Question: Question 26: Our company signed a 90-day 10% note for $100,000. Using a 360-day year, what is the total interest due on the maturity date?
Question 26:
Our company signed a 90-day 10% note for $100,000. Using a 360-day year, what is the total interest due on the maturity date?
Group of answer choices
$1,250.00
$1,562.50
$1,875.00
$2,500.00
Question 27:
Our company has an account receivable for $12,500 that we have now deemed uncollectible. We use the allowance method. Which of the following accounts would we debit to record the write-off?
Group of answer choices
accounts receivable
allowance for doubtful accounts
bad debt expense
cash
Question 28:
Our company uses the percentage of sales method to estimate bad debt expense for the year. Our allowance for bad debts account has a credit balance of $1,000 prior to the adjusting entry for bad debt expense. We have estimated that 2% of net credit sales will be uncollectible for the current year. Net credit sales for the year totaled $200,000. What amount will be debited to bad debt expense when we record the adjusting entry?
Group of answer choices
$3,000
$4,000
$5,000
$6,000
Question 29:
Our company uses the percentage of receivables method to estimate bad debt expense for the year. We had the following account balances on our unadjusted trial balance at the end of the year (December 31): accounts receivable, debit balance of $150,000; allowance for bad debts, debit balance of $1,000. We estimate that 3.5% of accounts receivable at the end of the year are uncollectible. What amount will be debited to bad debt expense when we record the adjusting entry?
Group of answer choices
$4,000
$4,250
$5,250
$6,250
Question 30:
The two methods used to estimate bad debt are:
Group of answer choices
FIFO and LIFO
allowance method and double-declining balance method
allowance method and direct write-off method
direct write-off method and units of production method
Question 31:
On January 1, our company purchased a truck for $95,000. The estimated useful life of the truck is 5 years. The residual value at the end of 5 years is estimated to be $15,000. What is the depreciation expense for the second year of use if we use the straight-line method?
Group of answer choices
$38,000
$16,000
$19,000
$32,000
Question 32:
Use the following information to answer these questions.

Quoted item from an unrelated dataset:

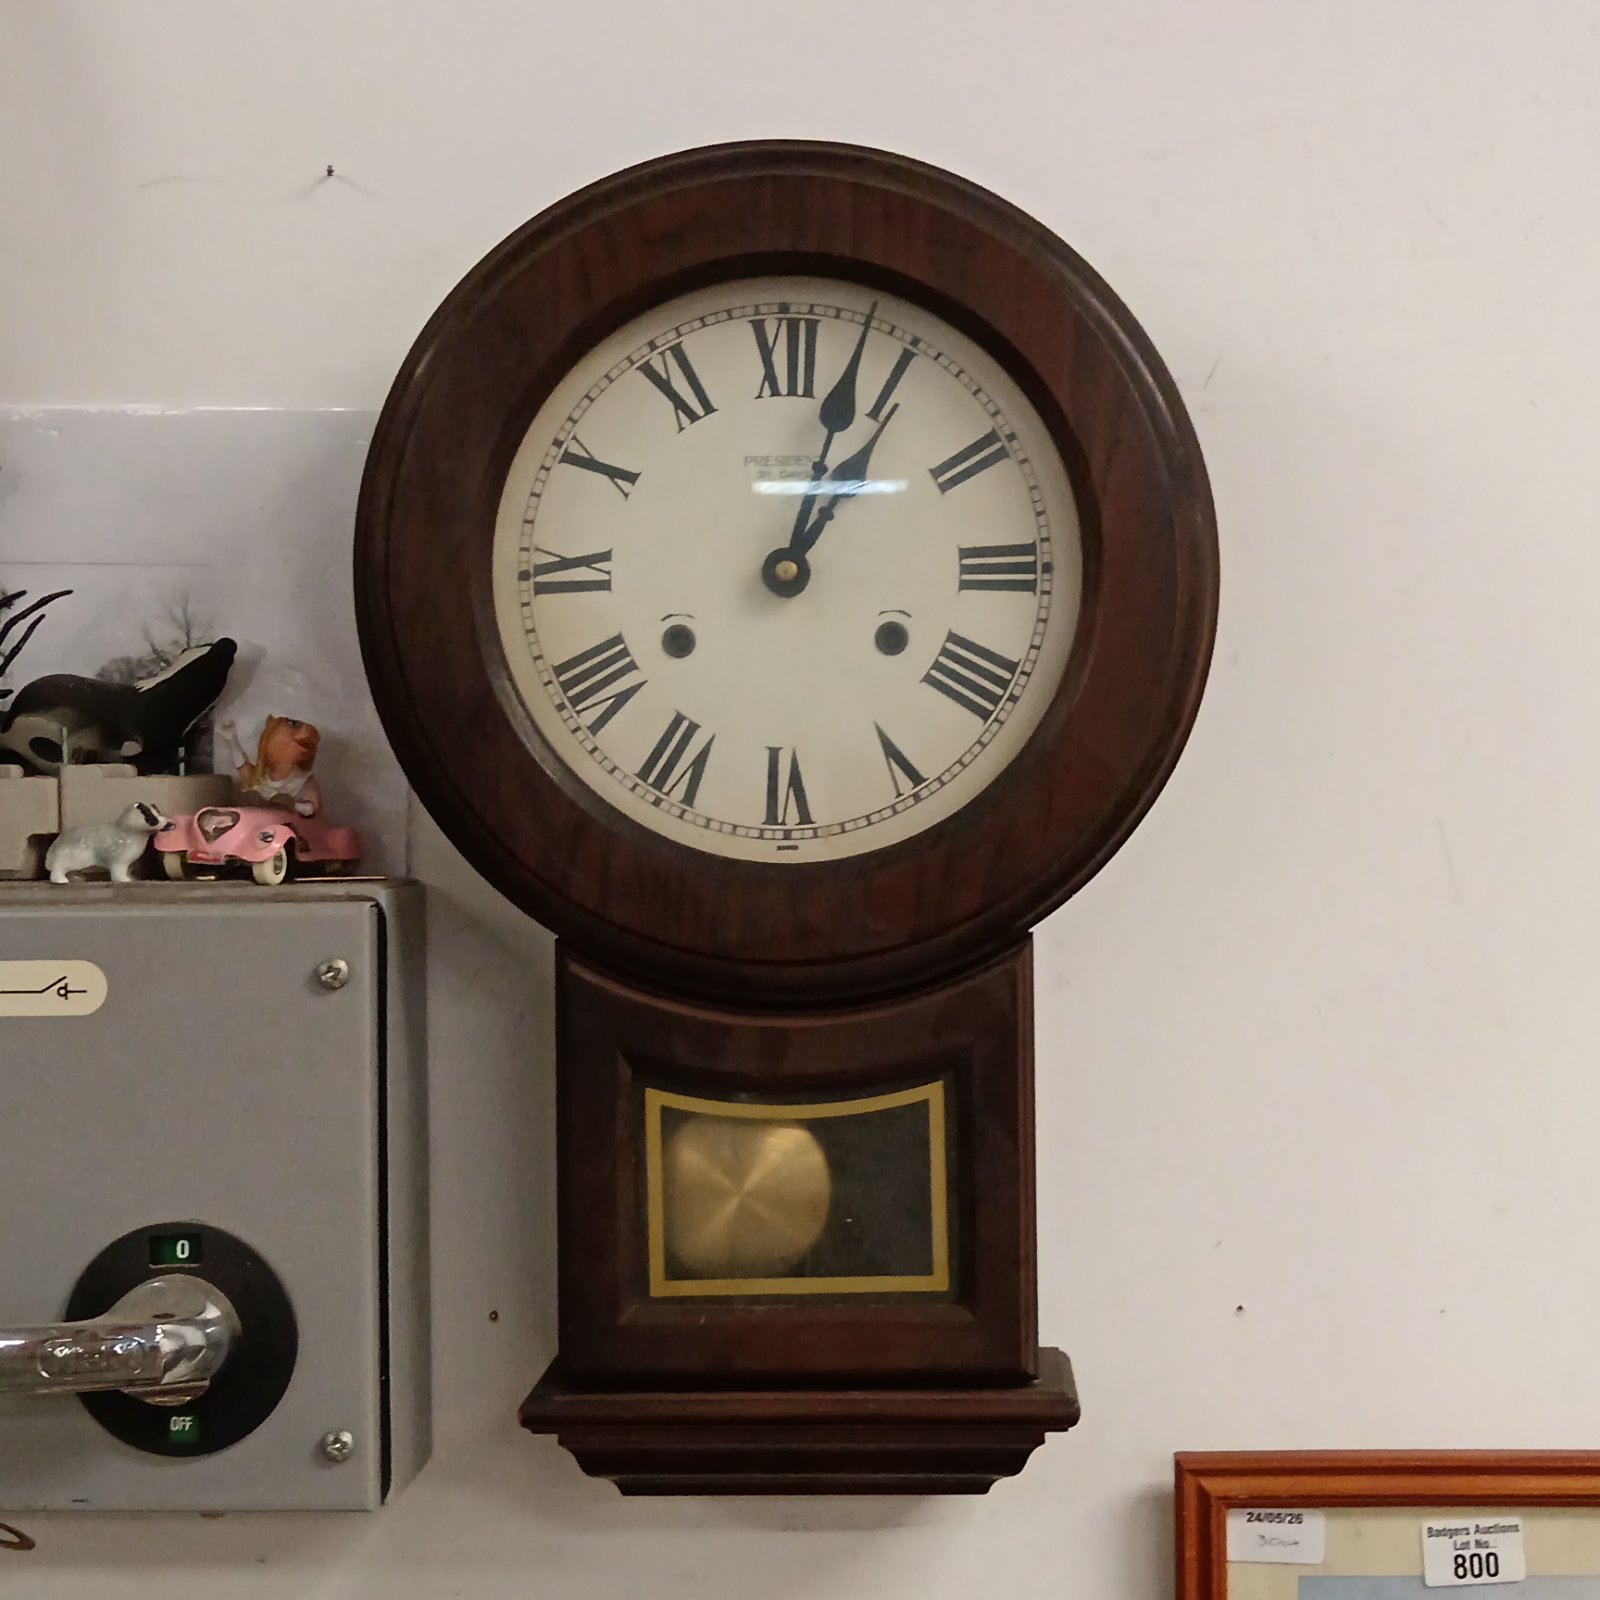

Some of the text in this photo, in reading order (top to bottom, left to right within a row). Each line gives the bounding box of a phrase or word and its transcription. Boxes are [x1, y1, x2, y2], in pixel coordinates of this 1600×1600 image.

On January 1, our company purchased a truck for $95,000. The estimated useful life of the truck is 5 years. The residual value at the end of 5 years is estimated to be $15,000.
What is the depreciation expense for the second year of use if we use the double-declining balance method?
[ Select ] ["$22,800", "$25,200", "$57,200", "$60,800"]
What is the balance in accumulated depreciation at the end of the second year of use if we use the double-declining balance method?
[ Select ] ["$34,200", "$37,800", "$57,200", "$60,800"]
What is the book value at the end of the second year of use if we use the double-declining balance method?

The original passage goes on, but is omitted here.